══ Available records

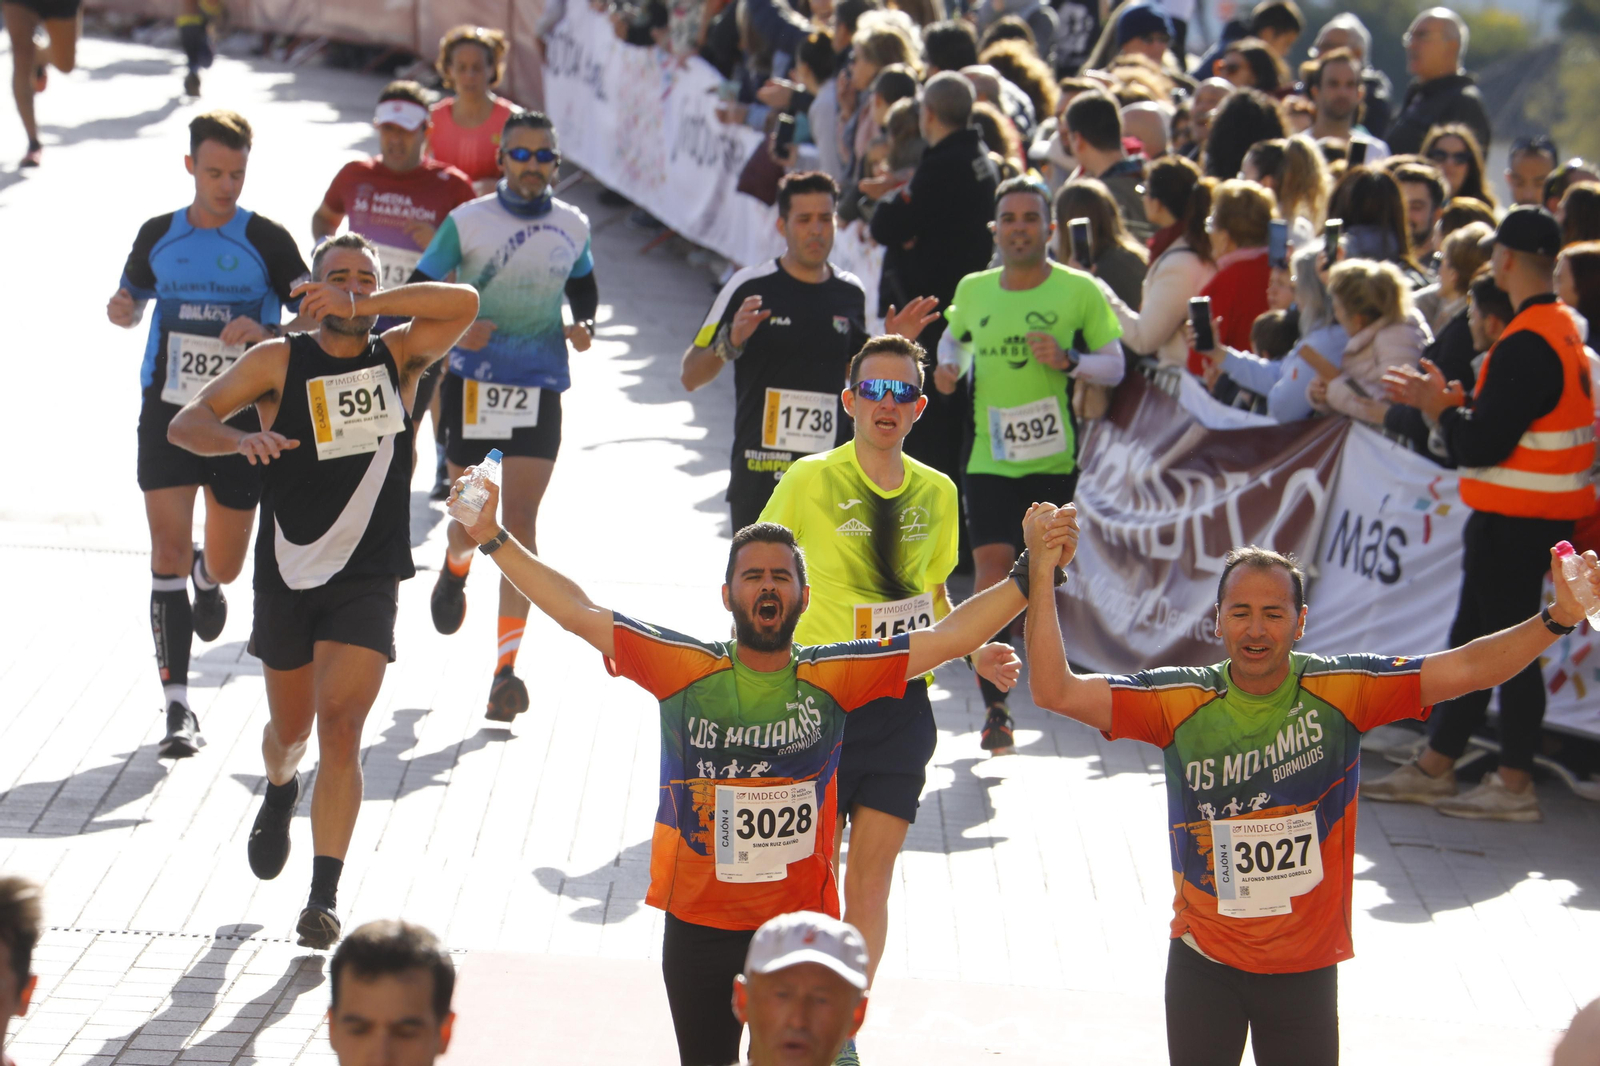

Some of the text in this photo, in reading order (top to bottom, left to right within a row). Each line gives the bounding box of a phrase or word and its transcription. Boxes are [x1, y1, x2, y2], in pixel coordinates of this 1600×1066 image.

[371, 204, 436, 221] MARATÓN
[373, 192, 413, 206] MEDIA
[770, 317, 791, 326] FILA
[335, 373, 370, 386] IMDECO
[338, 384, 387, 418] 591
[486, 387, 528, 410] 972
[781, 405, 832, 433] 1738
[1004, 413, 1058, 442] 4392
[1327, 494, 1408, 585] Más
[884, 602, 913, 614] IMDECO
[688, 716, 719, 749] LOS
[1186, 759, 1215, 792] OS
[1272, 745, 1324, 783] BORMUJOS
[748, 791, 788, 801] IMDECO
[736, 803, 812, 840] 3028
[1244, 823, 1284, 834] IMDECO
[1220, 851, 1230, 883] CAJÓN
[1234, 833, 1312, 874] 3027
[1266, 873, 1288, 881] MORENO
[1288, 869, 1312, 878] GORDILLO

════

Each line above should be written out again exactly, and no picture should appear in the copy.

Some of the text in this photo, in reading order (top to bottom, left to right within a row). Each line gives the bounding box of a phrase or word and its transcription. Boxes are [x1, y1, x2, y2], in pixel coordinates of this 1600×1066 image.

[371, 204, 436, 221] MARATÓN
[373, 192, 413, 206] MEDIA
[770, 317, 791, 326] FILA
[335, 373, 370, 386] IMDECO
[338, 384, 387, 418] 591
[486, 387, 528, 410] 972
[781, 405, 832, 433] 1738
[1004, 413, 1058, 442] 4392
[1327, 494, 1408, 585] Más
[884, 602, 913, 614] IMDECO
[688, 716, 719, 749] LOS
[1186, 759, 1215, 792] OS
[1272, 745, 1324, 783] BORMUJOS
[748, 791, 788, 801] IMDECO
[736, 803, 812, 840] 3028
[1244, 823, 1284, 834] IMDECO
[1220, 851, 1230, 883] CAJÓN
[1234, 833, 1312, 874] 3027
[1266, 873, 1288, 881] MORENO
[1288, 869, 1312, 878] GORDILLO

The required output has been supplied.